(Annotated photo localization data)

#####

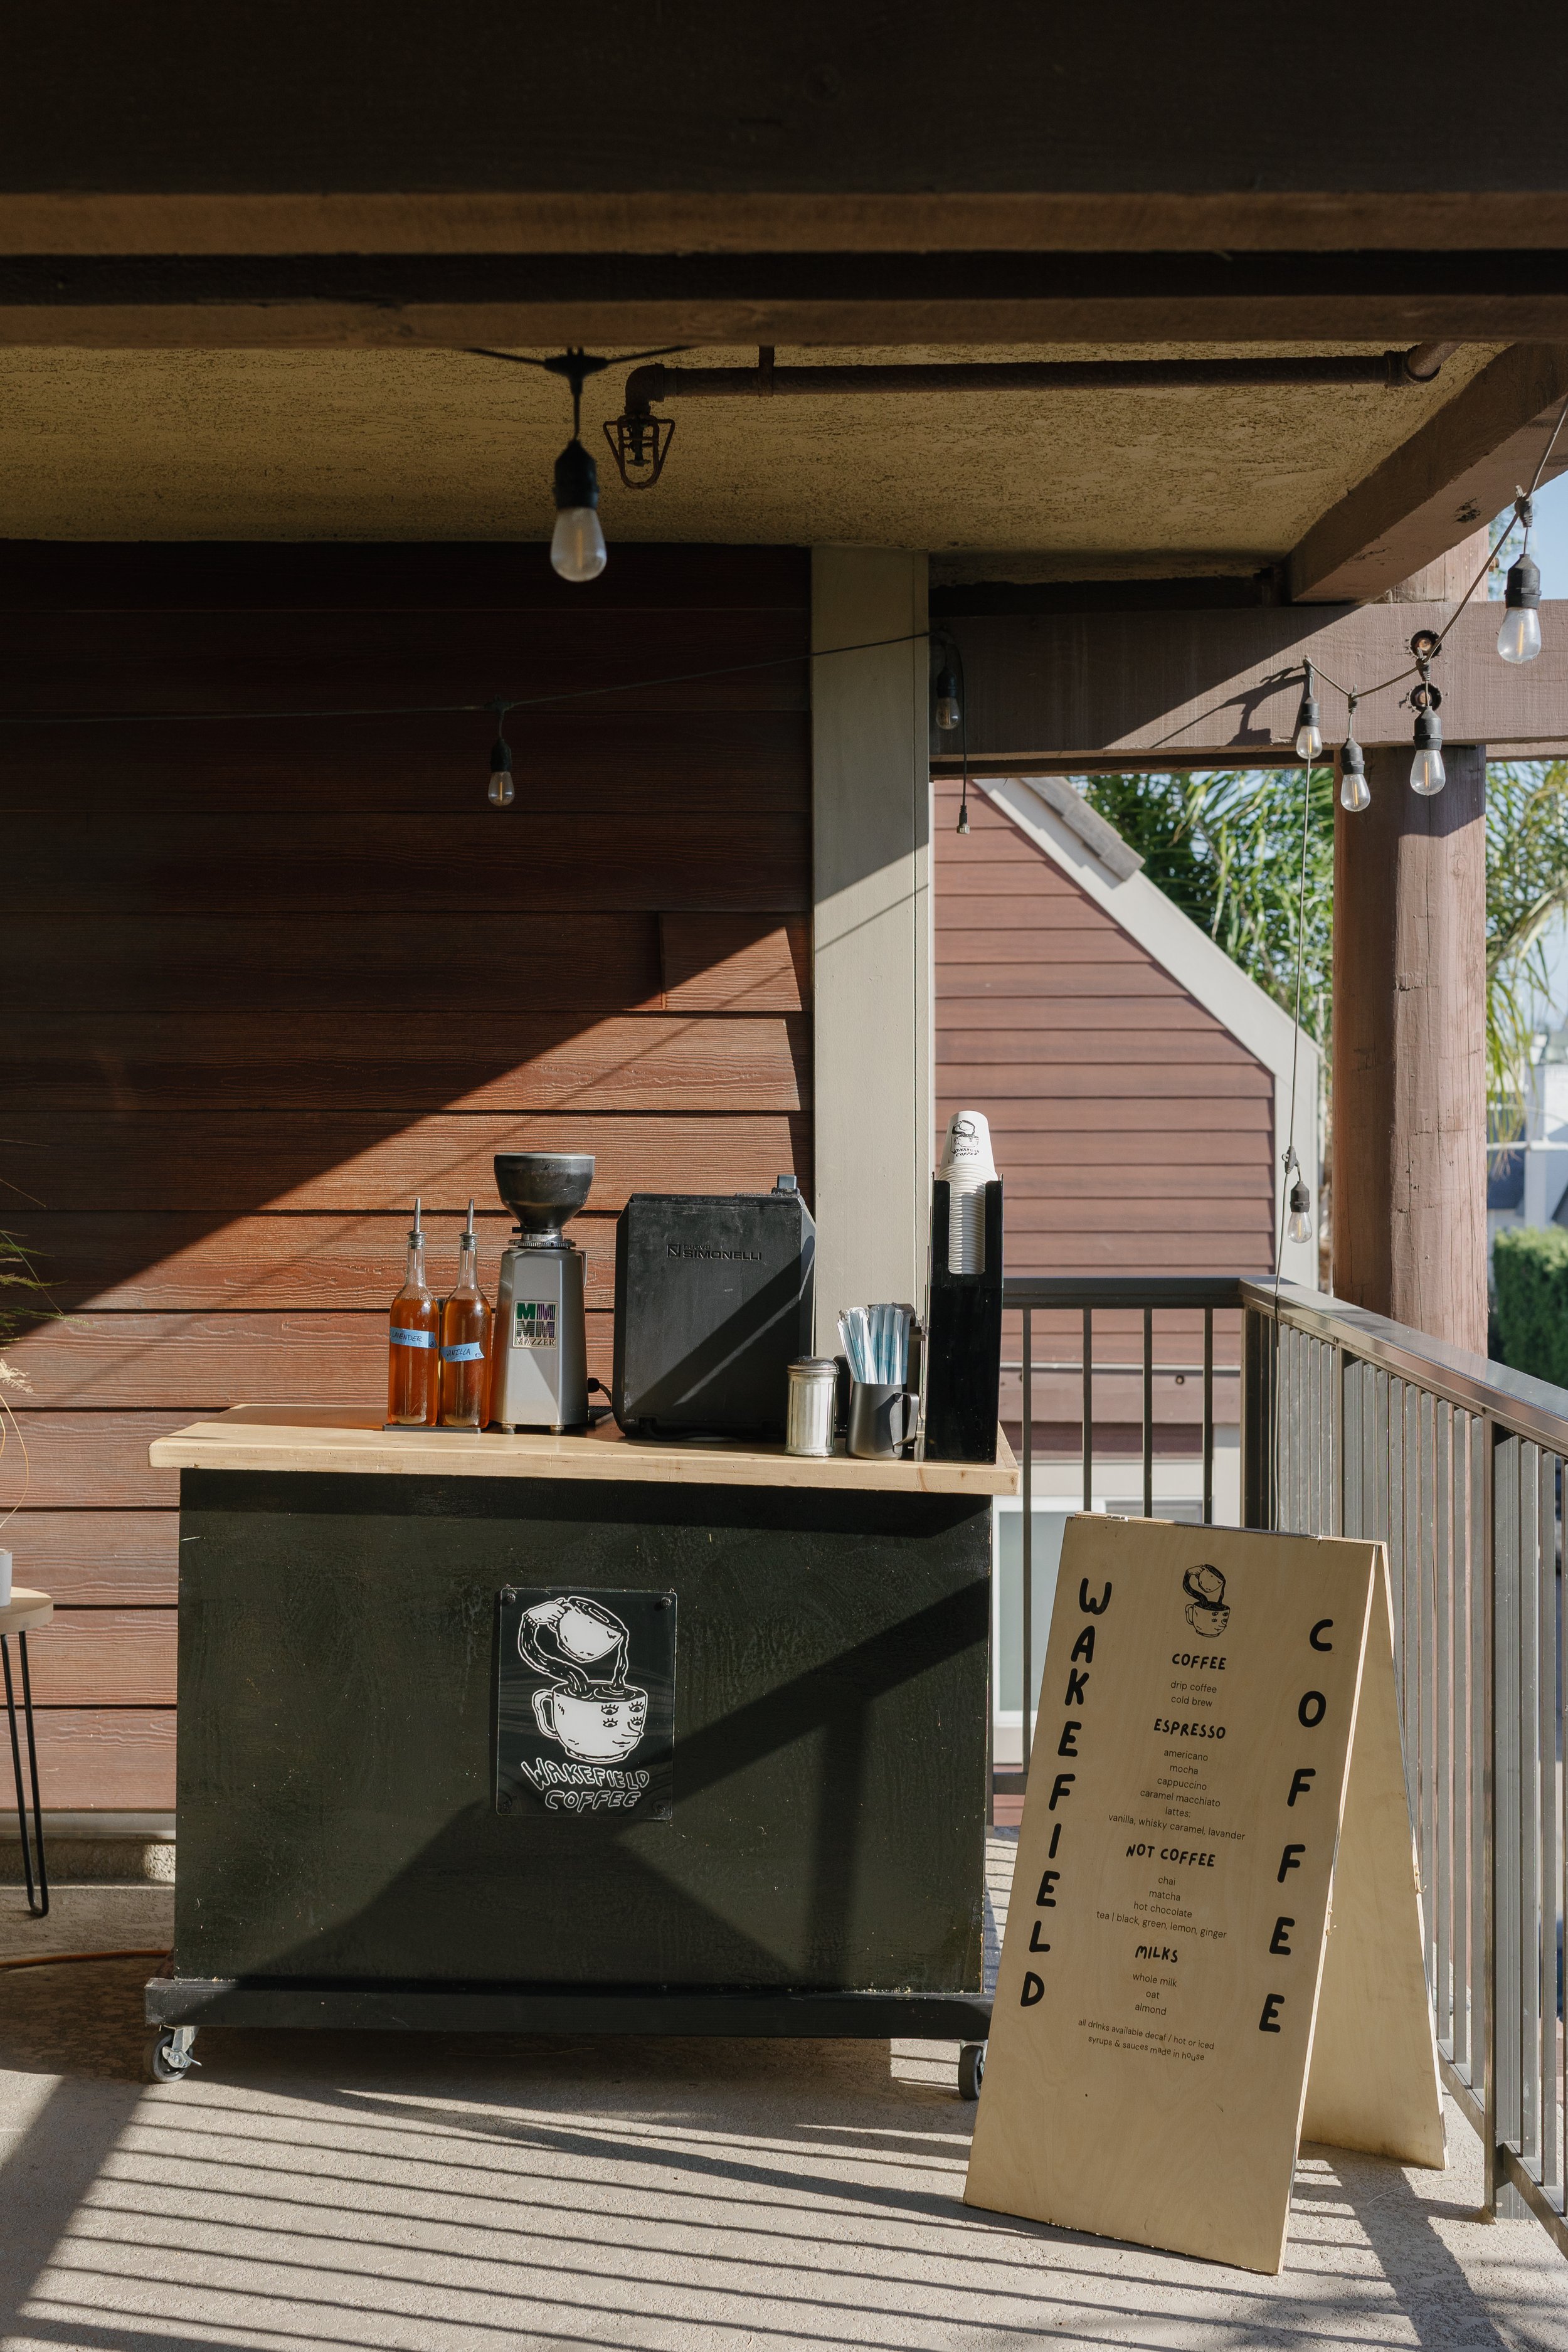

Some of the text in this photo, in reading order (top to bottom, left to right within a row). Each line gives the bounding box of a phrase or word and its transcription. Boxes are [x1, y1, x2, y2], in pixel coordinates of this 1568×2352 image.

[683, 1250, 762, 1261] SIMONELLI
[392, 1331, 423, 1343] LAVENDER
[515, 1337, 556, 1346] MAZZER
[446, 1347, 471, 1357] VANILLA
[1172, 1653, 1227, 1670] COFFEE
[1170, 1680, 1217, 1693] drip coffee
[1171, 1695, 1213, 1707] cold brew
[1153, 1718, 1226, 1739] ESPRESSO
[1163, 1749, 1209, 1762] americano
[521, 1757, 650, 1791] WAKEFIELD
[1169, 1764, 1199, 1775] mocha
[1157, 1777, 1207, 1791] cappuccino
[1020, 1577, 1112, 2007] WAKEFIELD
[1140, 1789, 1221, 1807] caramel macchiato
[544, 1791, 642, 1813] COFFEE
[1165, 1806, 1191, 1818] lattes:
[1108, 1814, 1246, 1841] vanilla, whisky caramel, lavander
[1259, 1619, 1333, 2033] COFFEE
[1126, 1843, 1216, 1867] NOT COFFEE
[1158, 1876, 1176, 1886] chai
[1148, 1890, 1181, 1902] matcha
[1133, 1901, 1193, 1919] hot chocolate
[1096, 1910, 1110, 1920] tea
[1116, 1913, 1140, 1926] black,
[1142, 1919, 1168, 1931] green,
[1170, 1922, 1198, 1935] lemon,
[1200, 1927, 1227, 1940] ginger
[1135, 1945, 1179, 1963] MILKS
[1133, 1973, 1178, 1988] whole milk
[1146, 1991, 1160, 2000] oat
[1135, 2003, 1167, 2016] almond
[1088, 2020, 1110, 2032] drinks
[1111, 2026, 1143, 2037] available
[1145, 2030, 1167, 2041] decaf
[1173, 2035, 1187, 2045] hot
[1198, 2040, 1215, 2050] iced
[1088, 2035, 1113, 2047] syrups
[1122, 2042, 1148, 2051] sauces
[1150, 2047, 1172, 2056] made
[1173, 2048, 1180, 2058] in
[1182, 2052, 1205, 2062] house
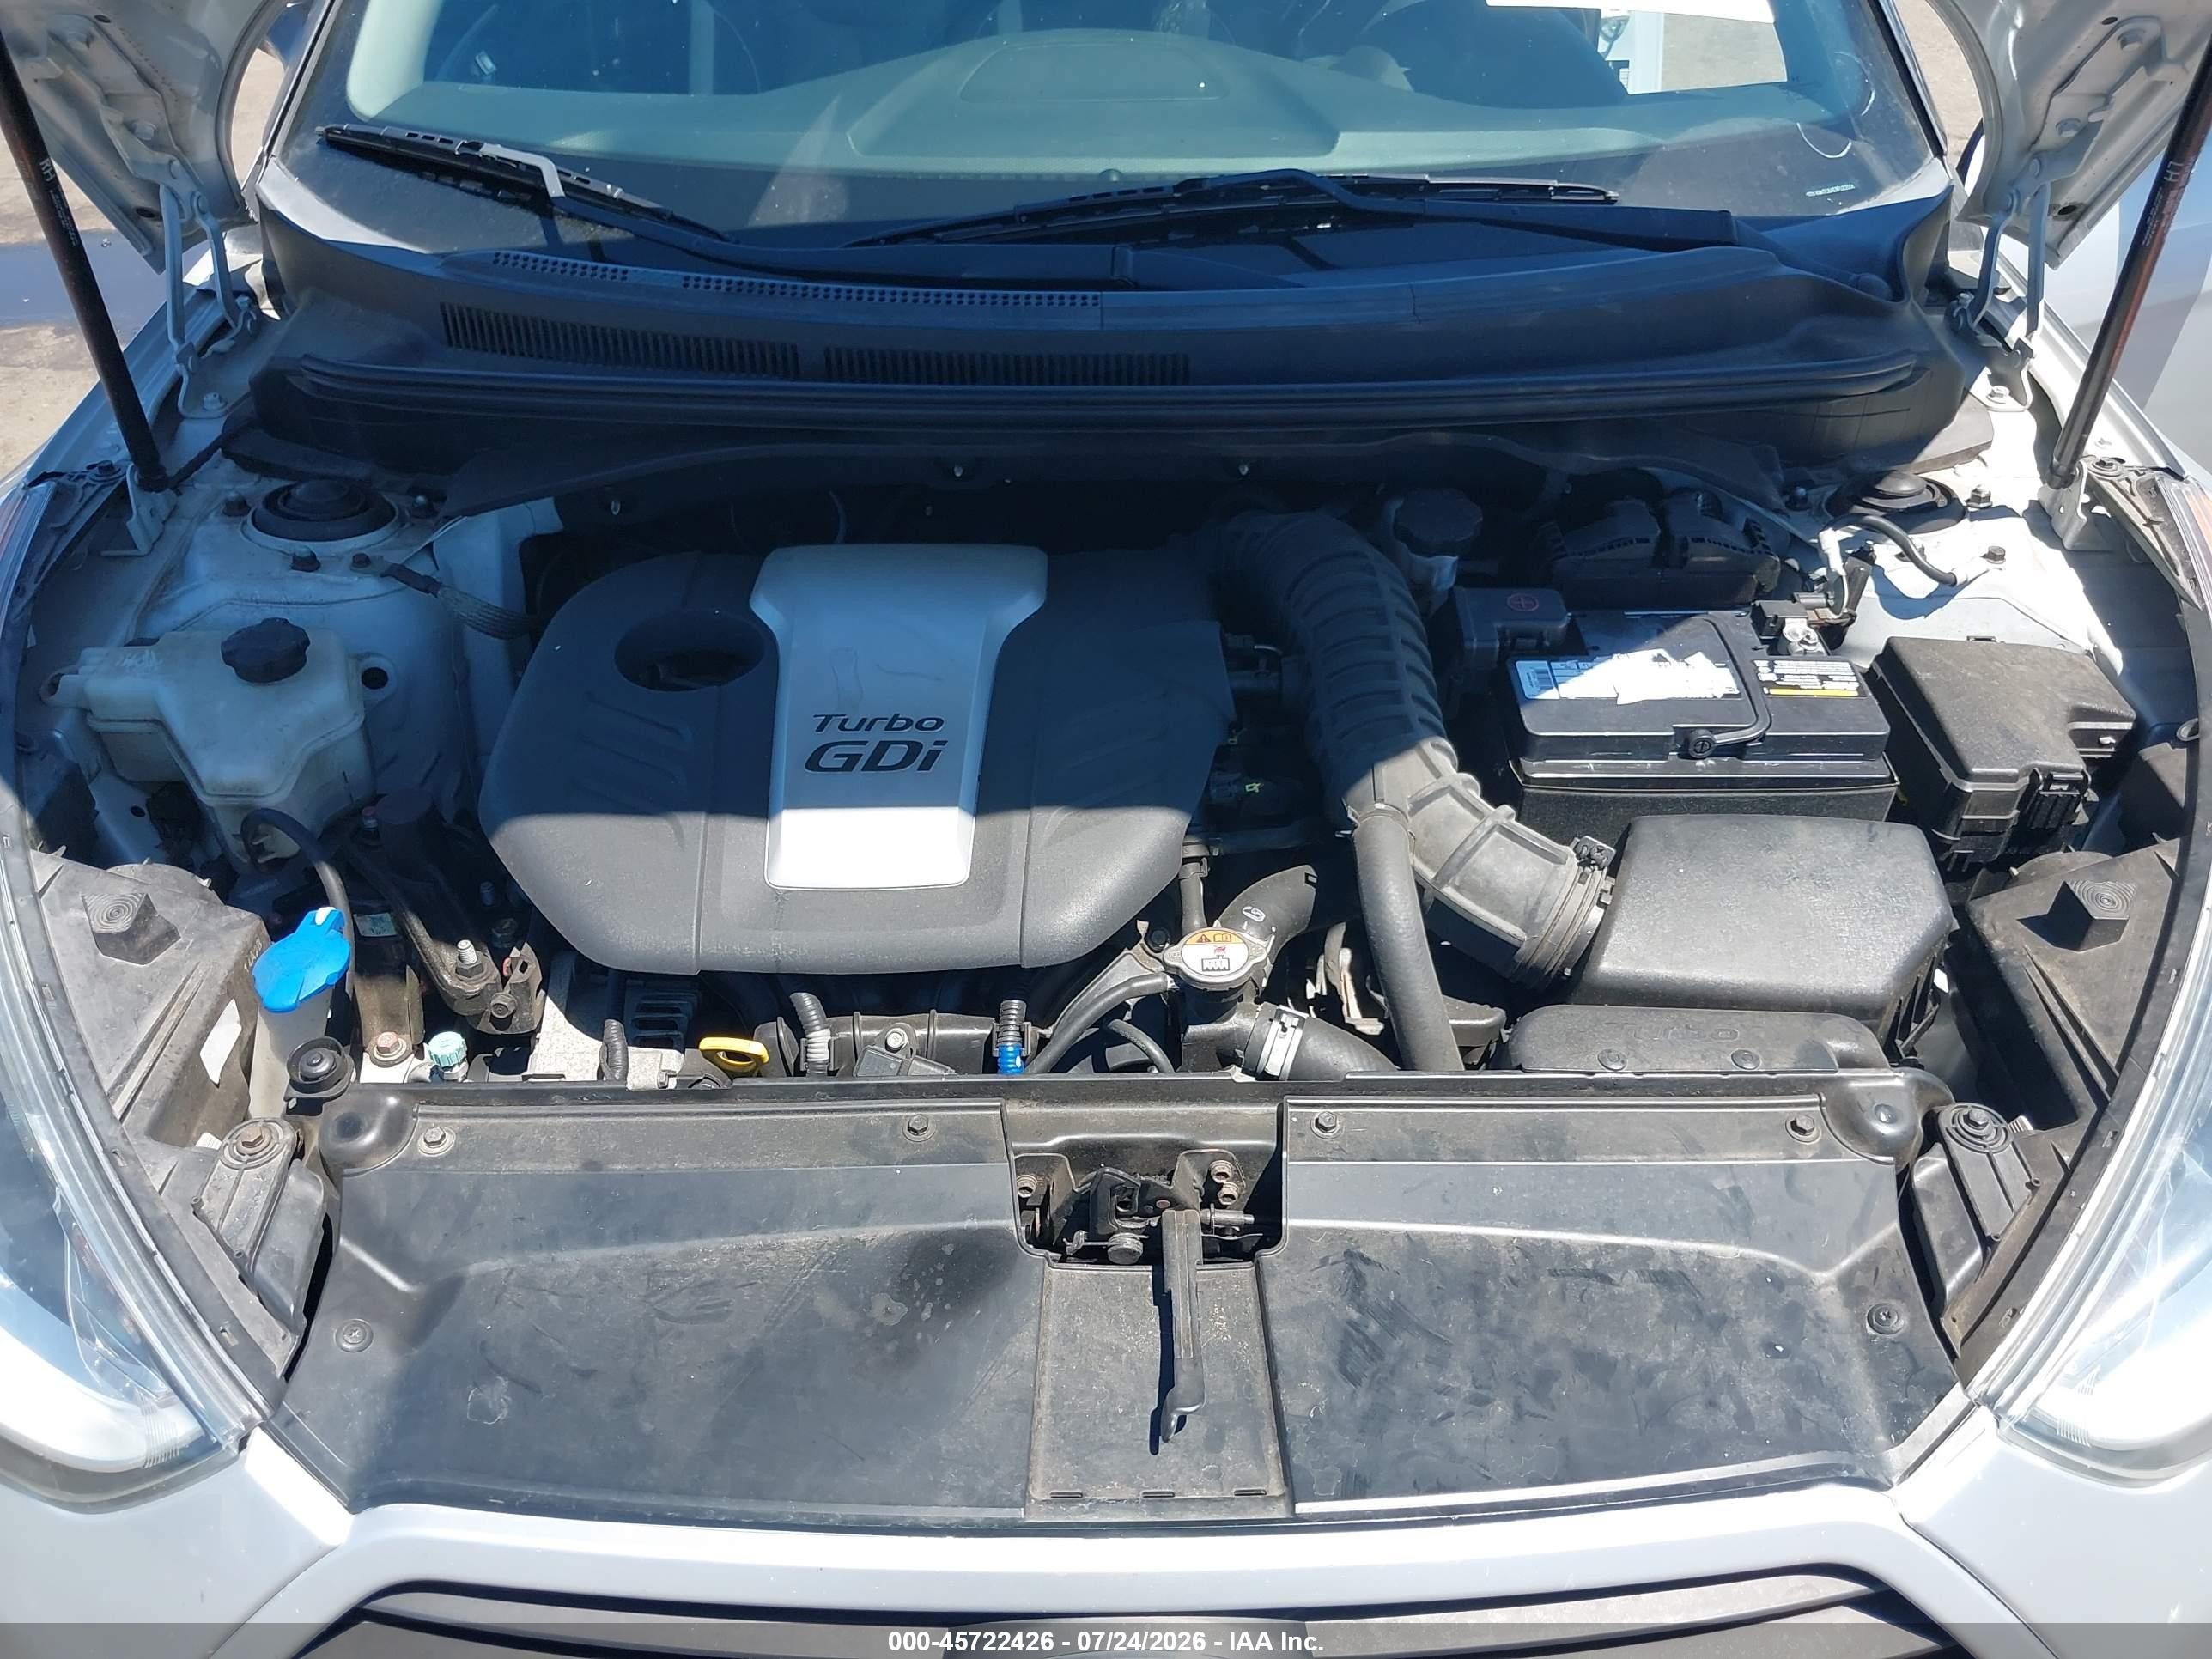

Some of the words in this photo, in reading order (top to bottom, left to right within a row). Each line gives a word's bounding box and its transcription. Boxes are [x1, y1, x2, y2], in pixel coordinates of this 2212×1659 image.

[40, 158, 56, 182] RH
[2163, 161, 2185, 182] LH
[813, 714, 945, 732] Turbo
[805, 740, 949, 773] GDi

#####

● **Exercise directions**:
With the pictures omitted, give every line above again exactly.

● **Answer**:
Some of the text in this photo, in reading order (top to bottom, left to right within a row). Each line gives the bounding box of a phrase or word and its transcription. Boxes are [x1, y1, x2, y2], in pixel coordinates of this 1568×2352 image.

[683, 1250, 762, 1261] SIMONELLI
[392, 1331, 423, 1343] LAVENDER
[515, 1337, 556, 1346] MAZZER
[446, 1347, 471, 1357] VANILLA
[1172, 1653, 1227, 1670] COFFEE
[1170, 1680, 1217, 1693] drip coffee
[1171, 1695, 1213, 1707] cold brew
[1153, 1718, 1226, 1739] ESPRESSO
[1163, 1749, 1209, 1762] americano
[521, 1757, 650, 1791] WAKEFIELD
[1169, 1764, 1199, 1775] mocha
[1157, 1777, 1207, 1791] cappuccino
[1020, 1577, 1112, 2007] WAKEFIELD
[1140, 1789, 1221, 1807] caramel macchiato
[544, 1791, 642, 1813] COFFEE
[1165, 1806, 1191, 1818] lattes:
[1108, 1814, 1246, 1841] vanilla, whisky caramel, lavander
[1259, 1619, 1333, 2033] COFFEE
[1126, 1843, 1216, 1867] NOT COFFEE
[1158, 1876, 1176, 1886] chai
[1148, 1890, 1181, 1902] matcha
[1133, 1901, 1193, 1919] hot chocolate
[1096, 1910, 1110, 1920] tea
[1116, 1913, 1140, 1926] black,
[1142, 1919, 1168, 1931] green,
[1170, 1922, 1198, 1935] lemon,
[1200, 1927, 1227, 1940] ginger
[1135, 1945, 1179, 1963] MILKS
[1133, 1973, 1178, 1988] whole milk
[1146, 1991, 1160, 2000] oat
[1135, 2003, 1167, 2016] almond
[1088, 2020, 1110, 2032] drinks
[1111, 2026, 1143, 2037] available
[1145, 2030, 1167, 2041] decaf
[1173, 2035, 1187, 2045] hot
[1198, 2040, 1215, 2050] iced
[1088, 2035, 1113, 2047] syrups
[1122, 2042, 1148, 2051] sauces
[1150, 2047, 1172, 2056] made
[1173, 2048, 1180, 2058] in
[1182, 2052, 1205, 2062] house

Some of the words in this photo, in reading order (top to bottom, left to right within a row). Each line gives a word's bounding box and its transcription. Boxes are [x1, y1, x2, y2], in pixel coordinates of this 2212×1659 image.

[40, 158, 56, 182] RH
[2163, 161, 2185, 182] LH
[813, 714, 945, 732] Turbo
[805, 740, 949, 773] GDi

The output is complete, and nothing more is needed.